Customer needs, competitive digital gap analysis, business drivers and digital maturity should guide your digital stack design and implementation plan. Top focus for marketers in 2017 according to an Adobe study include: whole customer focus, content marketing, digital foundation, campaign orchestration, predictive marketing, connected experience, relevant creative and journey management. Sales is focused on prioritizing and scoring leads, nurturing opportunities, inside sales and account-based marketing (ABM). Service cares about customer success, great experience, fast response, personalized offers and community.

So how do you handle these needs? What should the digital technology stack include, a DMH, a CRM platform, a CMS platform, or a combination of these and other capabilities? For many a full stack of technology can be overwhelming. Features end up not being fully utilized. You might end up paying for capabilities where you are not getting value for the expense. You could ease your way into a full technology stack one piece at a time to better ensure optimized use. The down side of piecemeal is not necessarily supporting full funnel needs as quickly as a full stack solution.

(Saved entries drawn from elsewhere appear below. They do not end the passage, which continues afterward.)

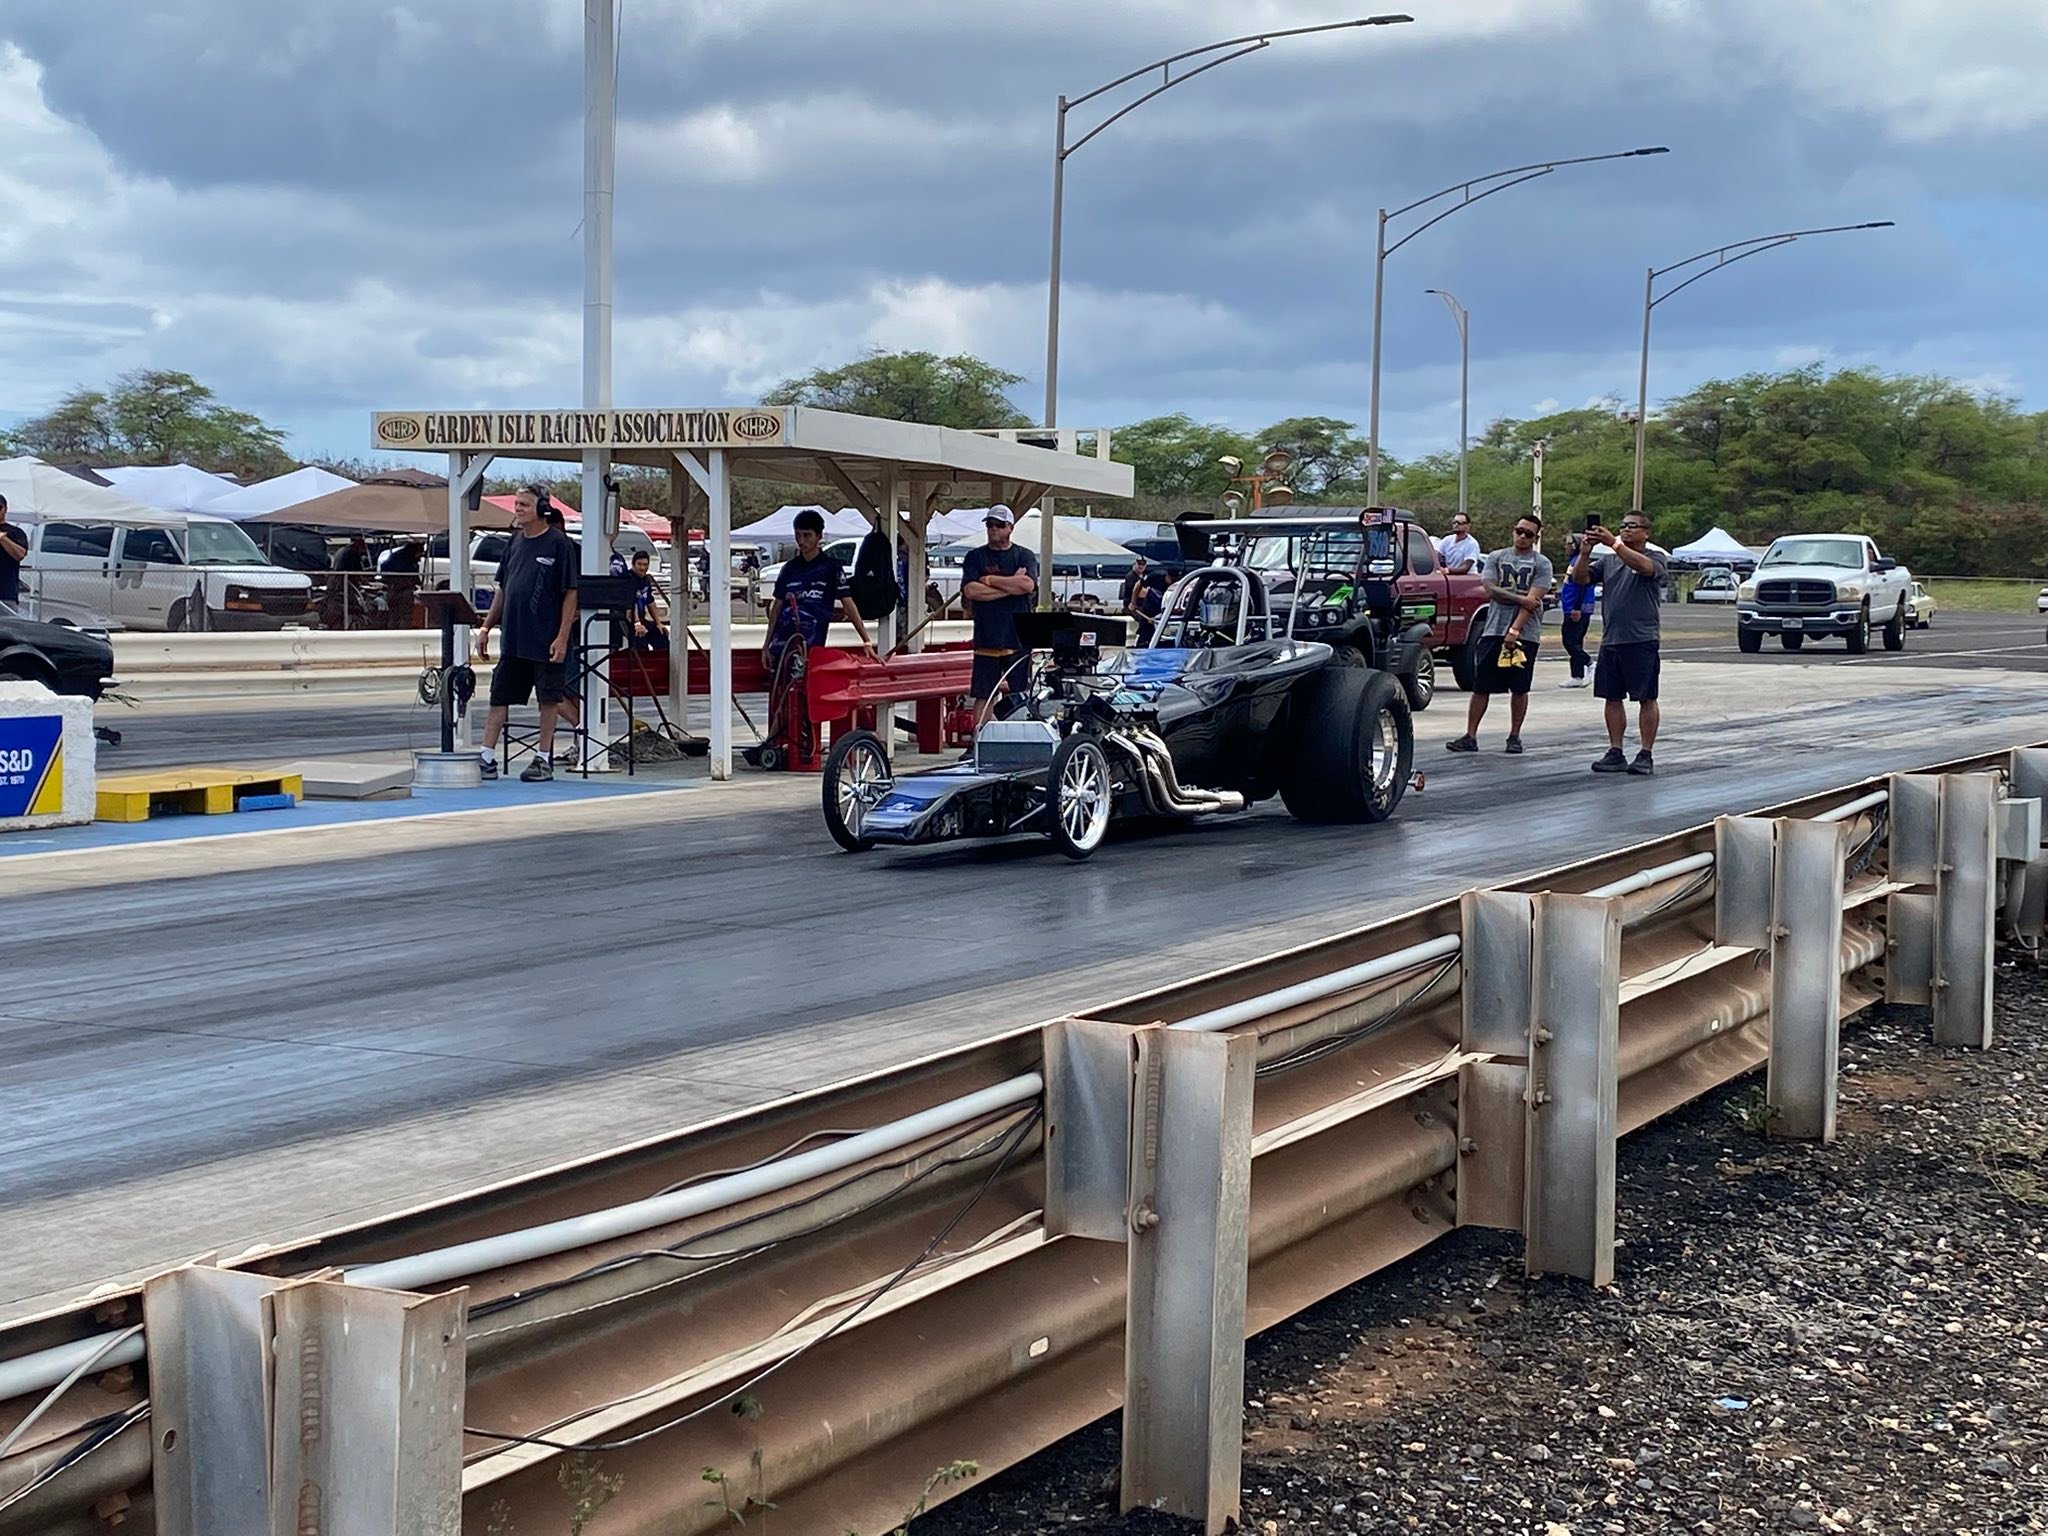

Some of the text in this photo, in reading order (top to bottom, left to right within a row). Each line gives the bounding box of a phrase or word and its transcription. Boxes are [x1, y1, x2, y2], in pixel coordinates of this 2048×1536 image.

[383, 421, 416, 439] NHRA
[425, 412, 730, 444] GARDEN ISLE RACING ASSOCIATION
[739, 416, 775, 437] NHRA
[1500, 562, 1532, 593] M
[0, 749, 33, 773] S&D

In either case a change management plan is needed to ensure that the business understands what the technology/vendor can do, and second, so that technology/vendor understands the needs of the business today and in the future. A change management framework should include: defining measurable stakeholder goals; creating business cases which are continuously updated; monitoring assumptions, risks, dependencies, costs, return on investment, and cultural issues; creating communications that informs various stakeholders of reasons for the technology and the benefits of successful implementation; and devising an effective education, training and/or skills upgrading scheme for the organization.

Overall this is complex effort with many moving parts. In my experience you need to be thinking about the following for the highest chance of success.

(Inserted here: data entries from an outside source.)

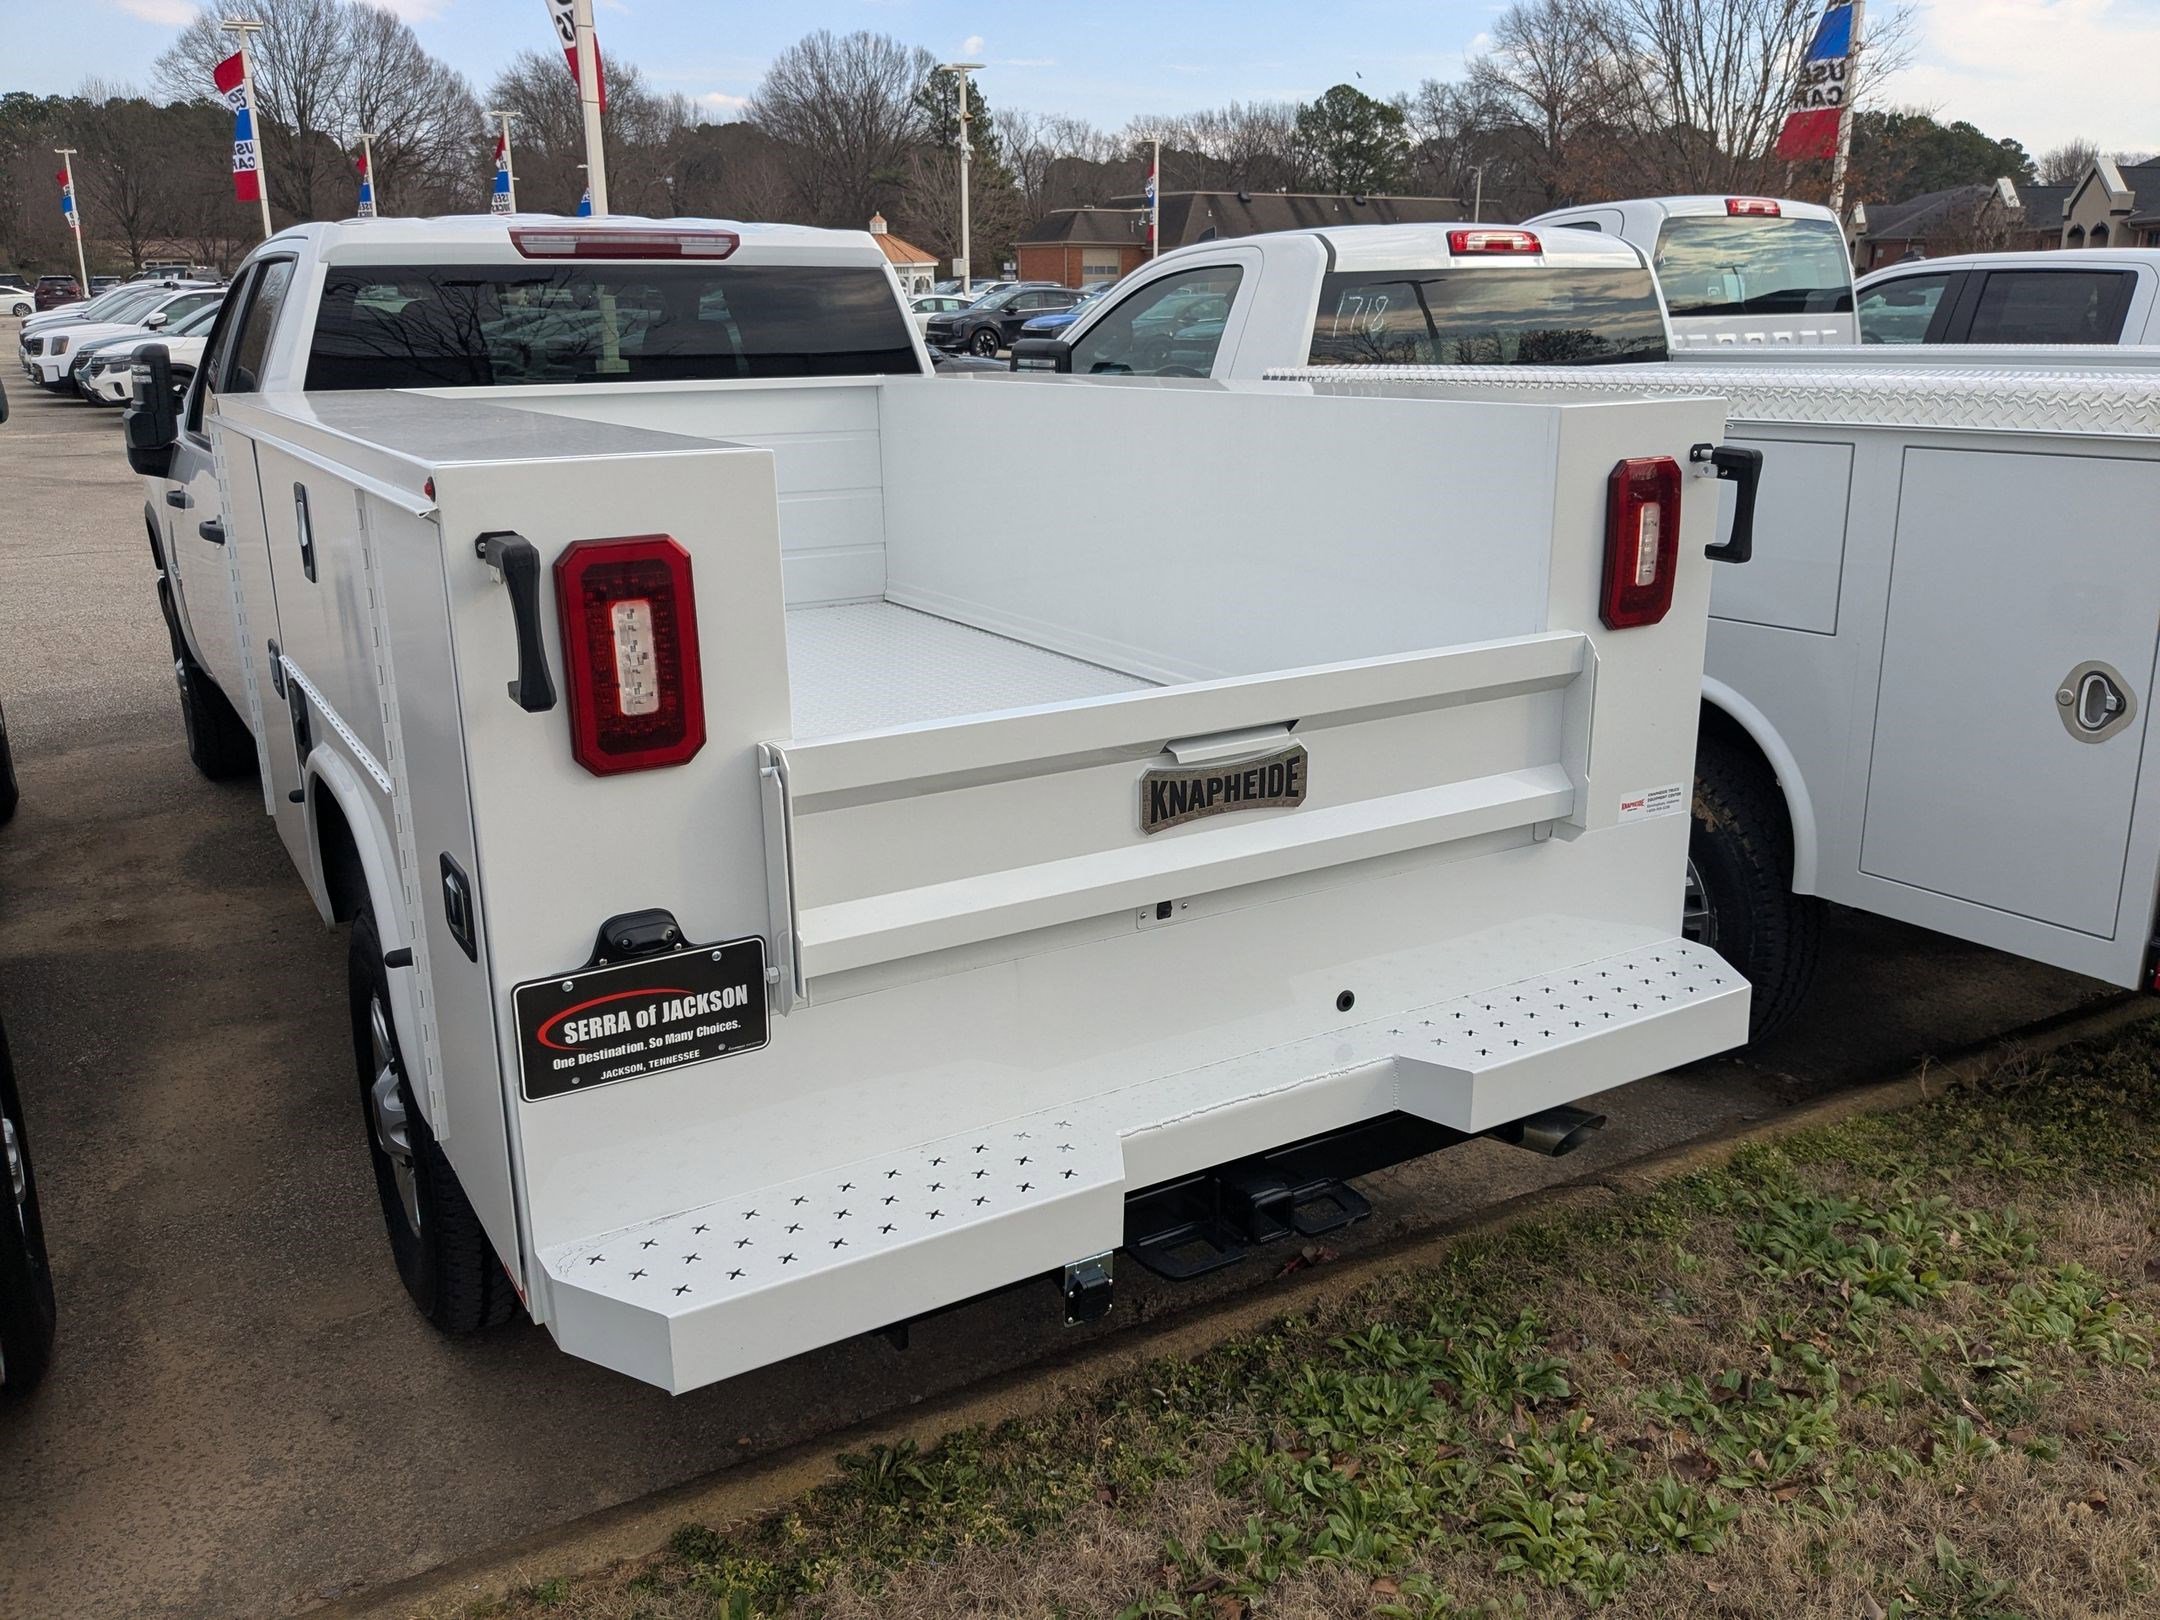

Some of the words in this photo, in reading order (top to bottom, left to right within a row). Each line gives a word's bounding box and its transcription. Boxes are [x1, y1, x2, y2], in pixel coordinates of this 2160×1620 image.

[1333, 291, 1389, 338] 1718
[1150, 755, 1300, 824] KNAPHEIDE
[563, 1010, 632, 1044] SERRA
[635, 1005, 656, 1029] of
[662, 984, 748, 1023] JACKSON
[552, 1056, 576, 1070] One
[578, 1042, 648, 1065] Destination.
[649, 1035, 663, 1049] So
[665, 1029, 694, 1046] Many
[696, 1019, 742, 1037] Choices.
[600, 1063, 647, 1080] JACKSON,
[649, 1049, 700, 1068] TENNESSEE

  • A funnel technology "full stack" is needed to support the entire customer journey and experience.
  • Digitally advanced businesses are using full funnel stacks including integrated DMHs, CRM and CMS platforms. Plus other features.
  • The amount of technology associated with a full funnel stack can be overwhelming, thereby reducing adoption. Smaller stacks can be challenging too.

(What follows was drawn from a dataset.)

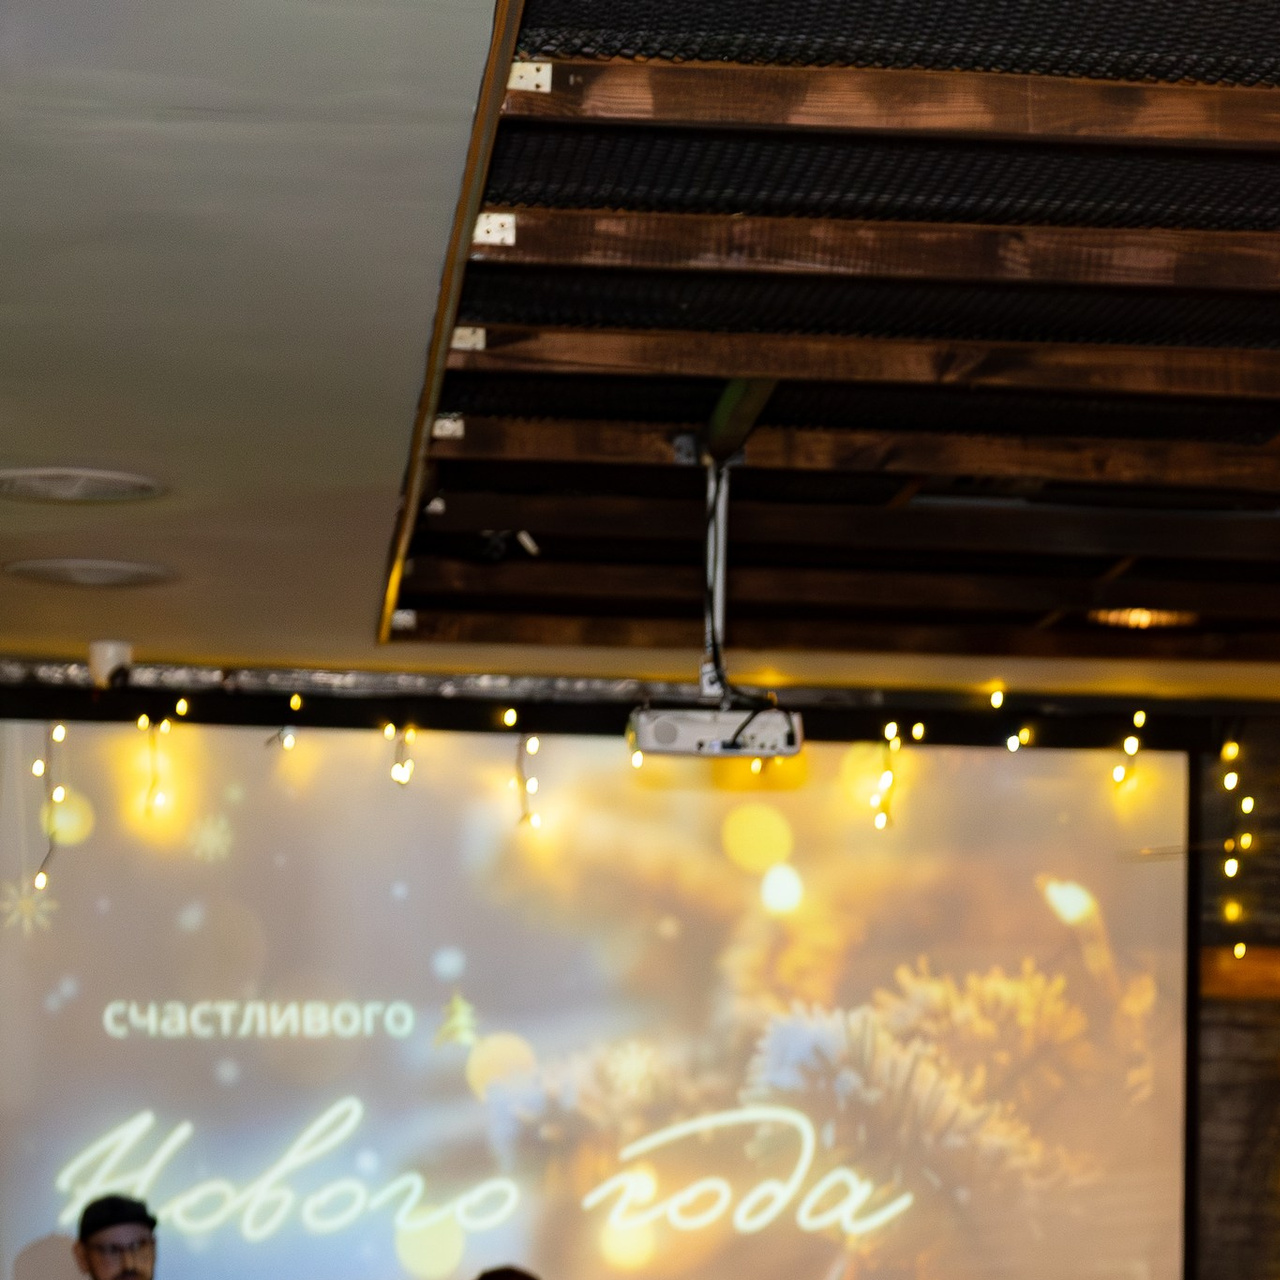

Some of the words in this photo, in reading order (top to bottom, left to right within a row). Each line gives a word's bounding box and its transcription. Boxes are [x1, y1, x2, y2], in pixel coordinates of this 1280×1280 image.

[103, 998, 415, 1039] счастливого
[56, 1096, 520, 1242] Нового
[581, 1105, 914, 1236] года

  • Businesses starting out or growing their digital capabilities can piecemeal a digital stack "half stack" to support adoption and success. But it is even more critical to have the right architecture for this approach.
  • A solid change management plan can help to roll-out the technology at the right pace, ensuring processes are configured appropriately and that skills are in place to operate and configure the technology.